The lack of external gpu support is why I’m keeping this version, though it clearly smokes mine.
Aw this reminds me I did the indie gogo for the dune pro case and I never got it 😢😅
america is so yesterday in Australia. Where is the new M3 air review?
So basically we need a Mac Studio pro
If near SOC ram is so important, couldn't apple tap into something like dell's camm? Keep latency and speeds but also allow for repairability and upgradeability and support pci-e gpus aswell for heavier workloads
i cent seem to find this anywhere but i would love to see a video of this machine running Windows on Arm, potentially with a graphics card installed. In my head i cant think of a reason why the apple silicon cant run a GPU natively other than the lack of drivers. Windows however Has GPU drivers for ARM. So it may work??? Ive tried looking for a video about this and havent found anything. Unless apple has a weird setup with the PCIE lanes, I feel like it should work
why would you wanna do that
Am I the only who noticed the hard drive cage on this chassis is positioned right behind the cpu heatsink. I wonder if blasting the drives with the heat will help with their reliability. /s
Technically, by paying $3000 more for a Mac Pro instead of Mac Studio, you also get a magic keyboard and a magic mouse.

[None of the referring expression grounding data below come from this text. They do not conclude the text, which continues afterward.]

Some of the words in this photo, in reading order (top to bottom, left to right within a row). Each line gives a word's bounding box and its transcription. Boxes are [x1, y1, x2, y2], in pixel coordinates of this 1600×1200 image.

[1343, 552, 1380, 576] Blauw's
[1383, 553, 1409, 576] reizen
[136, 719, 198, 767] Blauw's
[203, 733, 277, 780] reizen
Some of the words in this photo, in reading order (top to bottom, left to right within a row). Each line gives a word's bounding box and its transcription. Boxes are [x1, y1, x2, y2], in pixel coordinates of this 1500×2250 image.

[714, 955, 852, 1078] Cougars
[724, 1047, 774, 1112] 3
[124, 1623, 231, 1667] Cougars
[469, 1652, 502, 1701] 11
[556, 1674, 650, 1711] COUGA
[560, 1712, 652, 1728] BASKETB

And a classy aluminum case
"What am I paying for here, exactly?" --Every customer since the debut of the Macintosh platform.
the only thing you can upgrade is storage . aside from that its a pos
It’s nice being able to add extra storage via PCIE but comes at such a massive cost. I guess the cost doesn’t matter to most businesses or pros it’s aimed at
It's all a huge gigantic myth. A jar of my urine costs $10,000, because it is in high demand from businesses and professionals. However, since we are such good friends Moooof, you can buy it for only $3995.

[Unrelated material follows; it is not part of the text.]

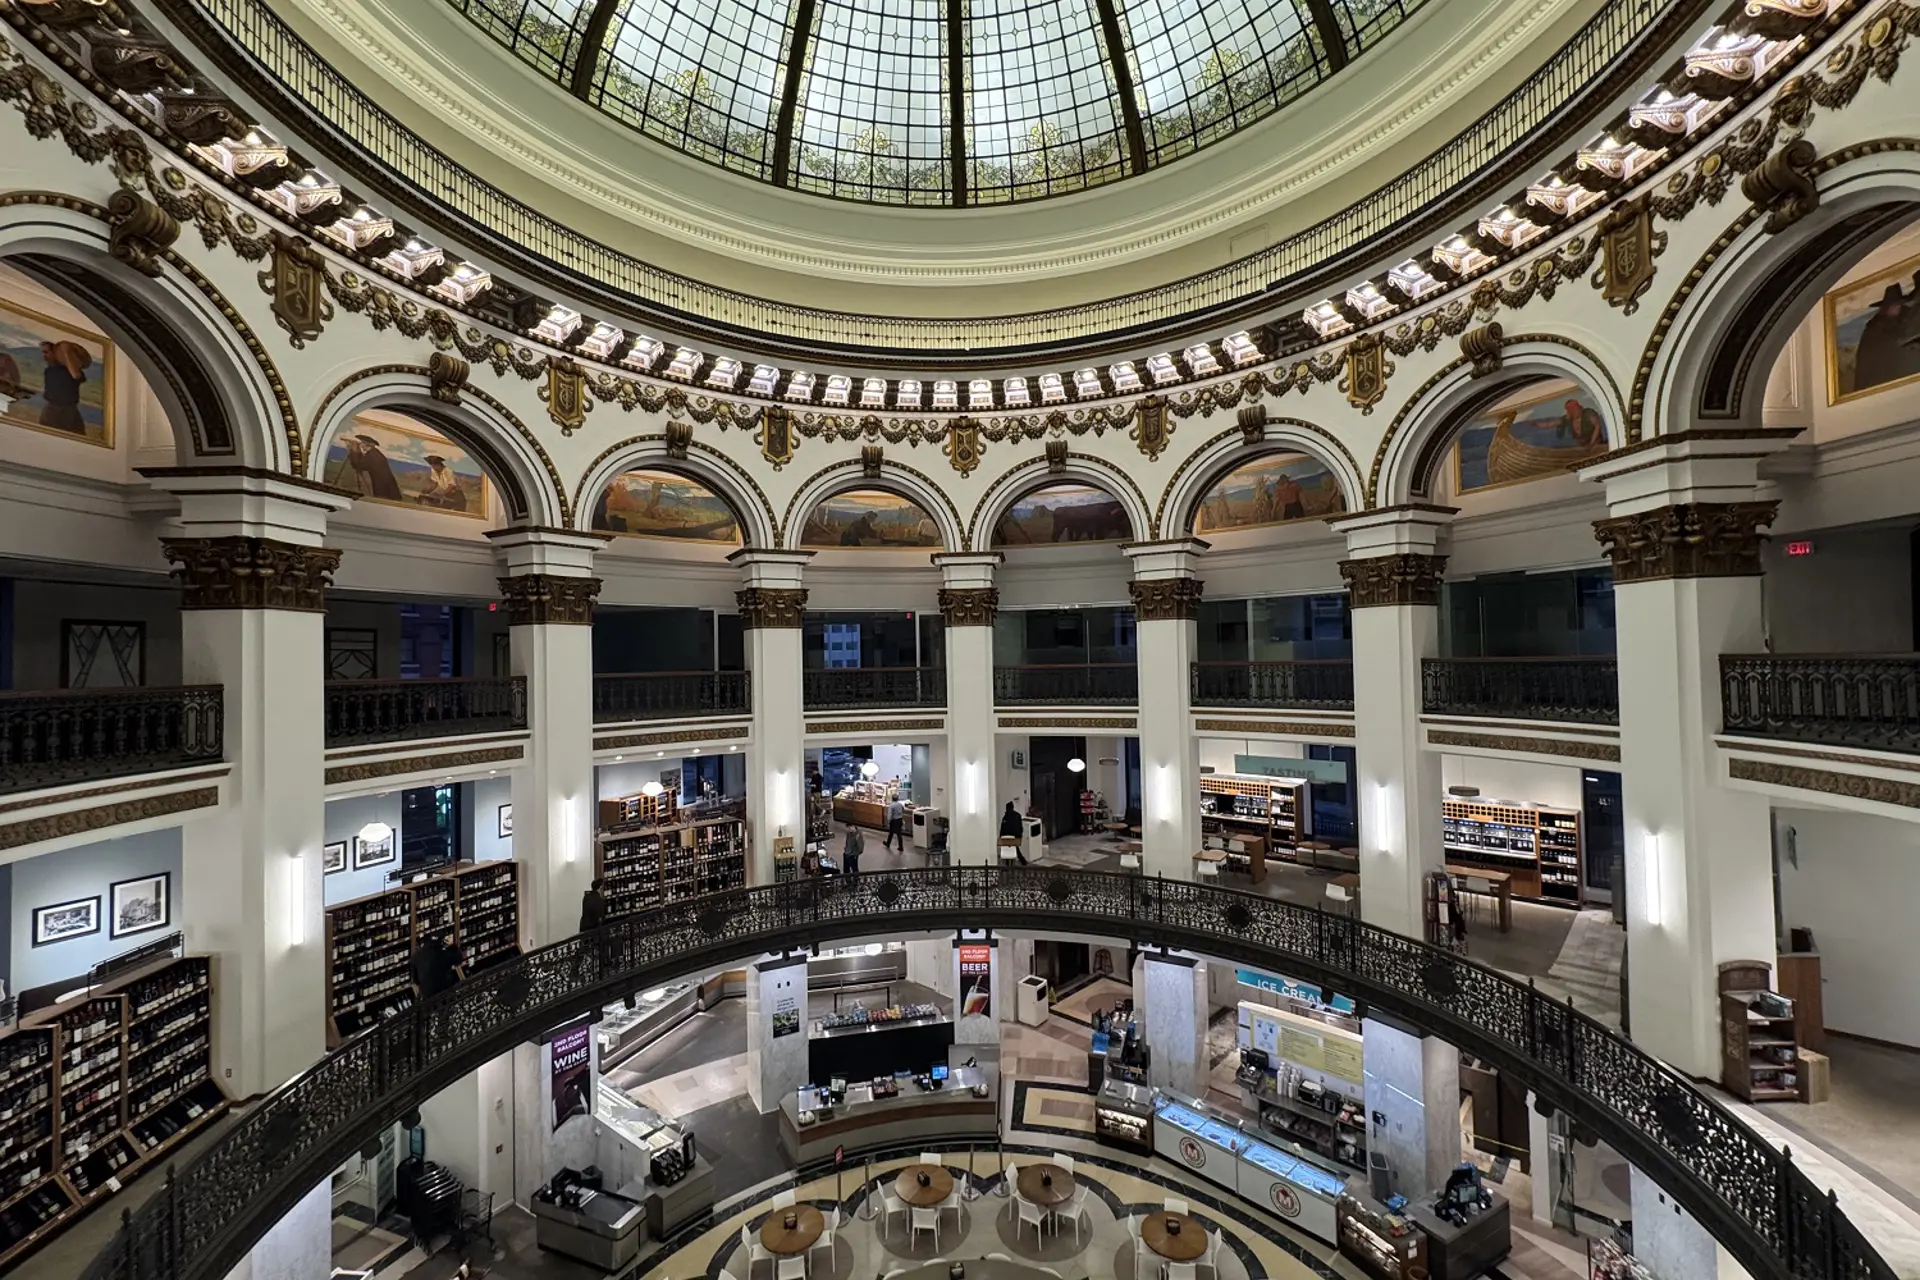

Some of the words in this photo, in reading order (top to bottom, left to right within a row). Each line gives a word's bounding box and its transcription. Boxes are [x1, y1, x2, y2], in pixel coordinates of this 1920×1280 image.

no you have no idea how big business works, it's about the warranty and service, reliability. thats where the money is.
jsut look at dell or hp workstation, they are not cheaper at all.@@annsophiefans1472
Biggest joke is the fact you actually dont have 78 million PCIe lanes. You only got 16 that are split among all these slots xDDD
I forgot this machine existed up until this very moment.
RAID 0!! You absolute lunatic 😂
Just get a Mac Studio + OWC Thunderbay Flex 8. Boom, instant PCIE + Storage expansion.
That gets you only the equivalent of 2 PCIe gen4 lanes *combined*, which is fine for some uses cases, but the internal slots will provide for much more bandwidth for even a single SSD, let alone several.
it would be great if you could upgrade the soc in the future with an M3 Ultra without having to get an entire new machine.
Hackintosh.
there are a few options for piggy backing ssd nvme to pcie , but they do cost a bit , sonnet do a x4 piggy , and theres a 2x nvme for macpros 5,1 7,1 should work in the new 2023 pile . :[ 5,1 4ever. :]
Any updates on your Vision Pro? I was listening to MKBHD’s podcast and he was saying he doesn’t use it much now due to the lack of apps, I don’t see an upgraded VP being released for a few years as you guys with the gen 1 will be piiiiissed if the tech improves and you’ve barely had the chance to properly enjoy the gen 1.
I assume we’d all know by now if your VP’s front glass had cracked down the centre like others have.
Realistically the internet is the app at this point. Like using your desktop and iPad apps that already exist. Sad but still useful.